Vendredi 20 juin 2025, une seconde plainte visant Édouard Philippe a été déposée à Paris. L’ancien Premier ministre, aujourd’hui maire du Havre, est accusé de « détournement de fonds publics, favoritisme, prise illégale d’intérêt, concussion et harcèlement moral ». Cette nouvelle procédure intervient moins d’un an après une première plainte déposée en septembre 2023 par la même plaignante, une ex-directrice générale adjointe de la communauté urbaine Le Havre Seine Métropole. Selon son avocat, Me Jérôme Karsenti, la plainte s’accompagne cette fois d’une constitution de partie civile.
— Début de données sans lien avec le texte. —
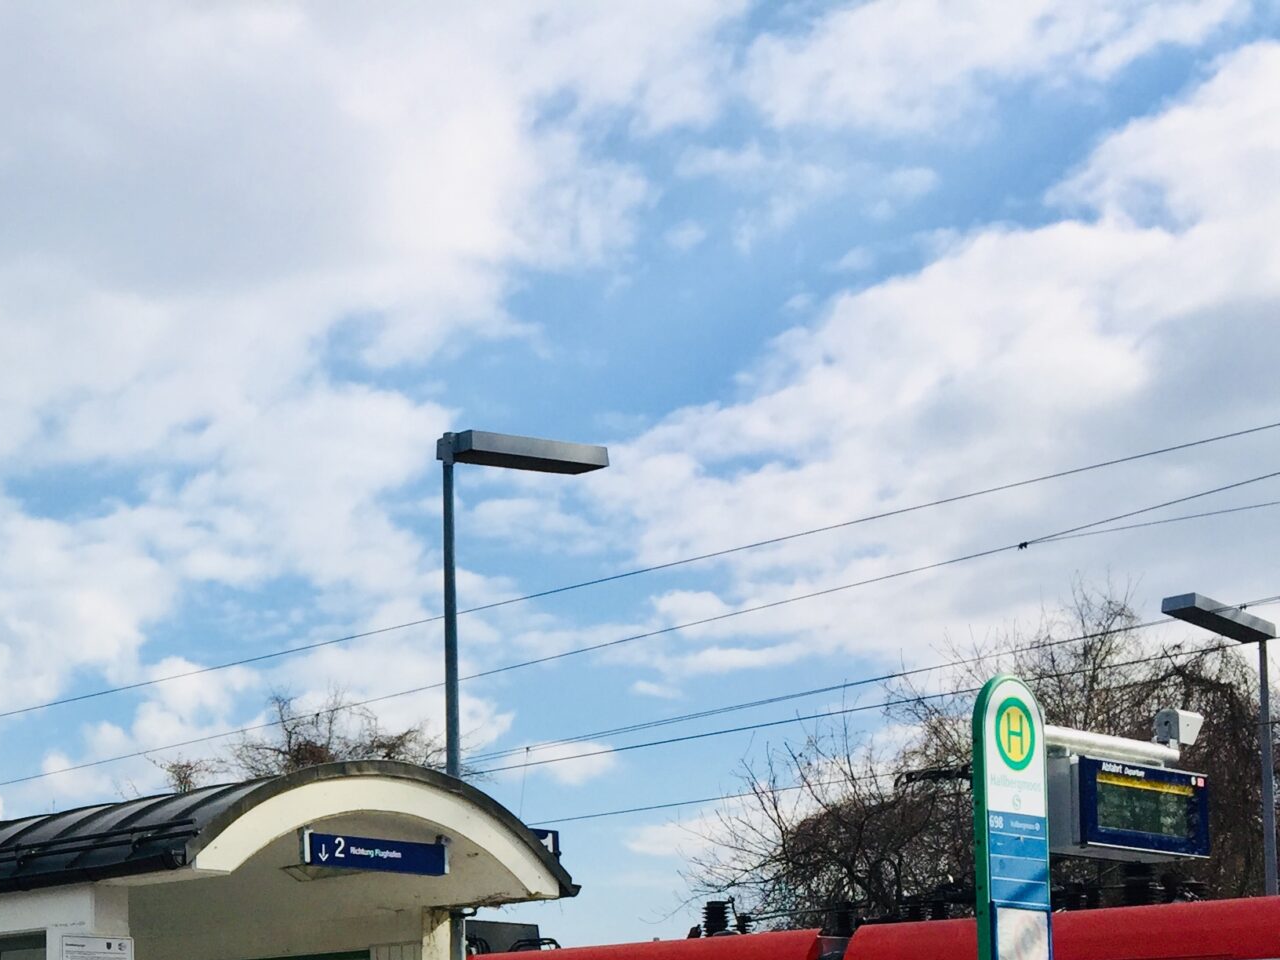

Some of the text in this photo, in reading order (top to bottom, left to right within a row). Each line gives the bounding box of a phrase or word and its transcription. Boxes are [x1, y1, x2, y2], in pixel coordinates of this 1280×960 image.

Elle vise également deux collaboratrices d’Édouard Philippe : Stéphanie de Bazelaire, adjointe en charge du numérique, et Claire-Sophie Tasias, directrice générale des services de la communauté urbaine.
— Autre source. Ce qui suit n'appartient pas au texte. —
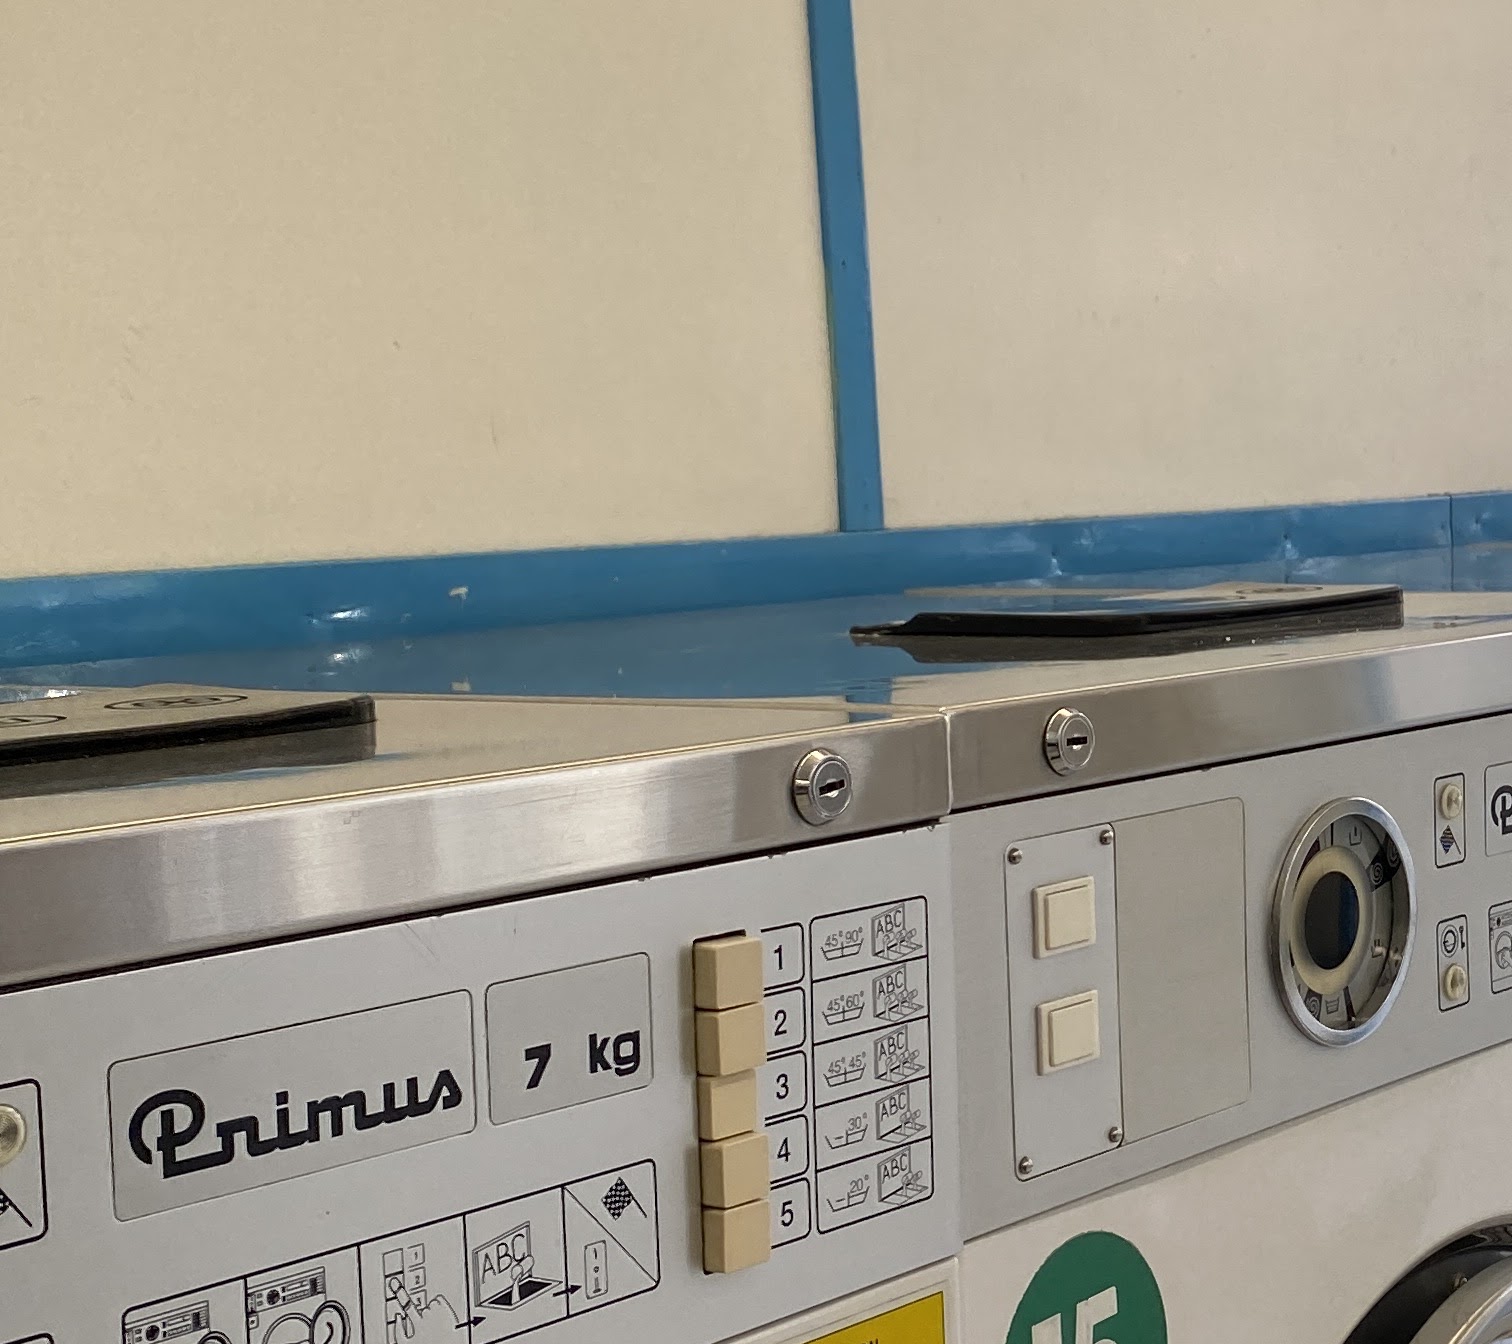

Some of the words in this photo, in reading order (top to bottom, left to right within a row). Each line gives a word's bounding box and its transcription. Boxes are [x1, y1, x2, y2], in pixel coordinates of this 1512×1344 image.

[875, 908, 902, 937] ABC
[774, 945, 784, 971] 1
[773, 1009, 788, 1037] 2
[524, 1042, 552, 1090] 7
[588, 1029, 641, 1077] kg
[775, 1074, 789, 1100] 3
[128, 1068, 463, 1180] Primus
[777, 1137, 791, 1163] 4
[780, 1200, 794, 1227] 5
[481, 1232, 526, 1284] ABC
Un contexte tendu autour de la gestion de la Cité numérique du Havre
Les faits dénoncés concernent principalement une convention signée en juillet 2020 entre la collectivité et l’association LH French Tech, alors présidée bénévolement par Stéphanie de Bazelaire. Unique candidate à un appel à manifestation d’intérêt lancé quelques mois plus tôt, LH French Tech avait reçu un financement public de 2,154 millions d’euros dans le cadre d’un service d’intérêt économique général. L’association a été placée en liquidation judiciaire en 2023. La plaignante affirme avoir subi du harcèlement moral après ses alertes, jusqu’à ce que son contrat ne soit pas renouvelé. Elle a obtenu entre-temps le statut officiel de lanceuse d’alerte.
Une enquête du PNF déjà en cours
Le Parquet national financier a ouvert une enquête après la première plainte. Des perquisitions ont eu lieu en avril 2024 à la mairie du Havre. À ce jour, l’enquête est toujours en cours. Selon une source judiciaire, les documents saisis sont en cours d’exploitation, mais aucune orientation précise de la procédure n’a encore été communiquée. Édouard Philippe a réfuté l’ensemble des accusations dans un communiqué adressé à l’AFP. Il dénonce une « vendetta personnelle » motivée par l’amertume d’une haute fonctionnaire dont le contrat n’a pas été reconduit, plutôt qu’un acte de lanceuse d’alerte. L’avocat de la plaignante craint pour sa part un attentisme du parquet face à celui qu’il décrit comme un « futur probable candidat à la présidentielle ».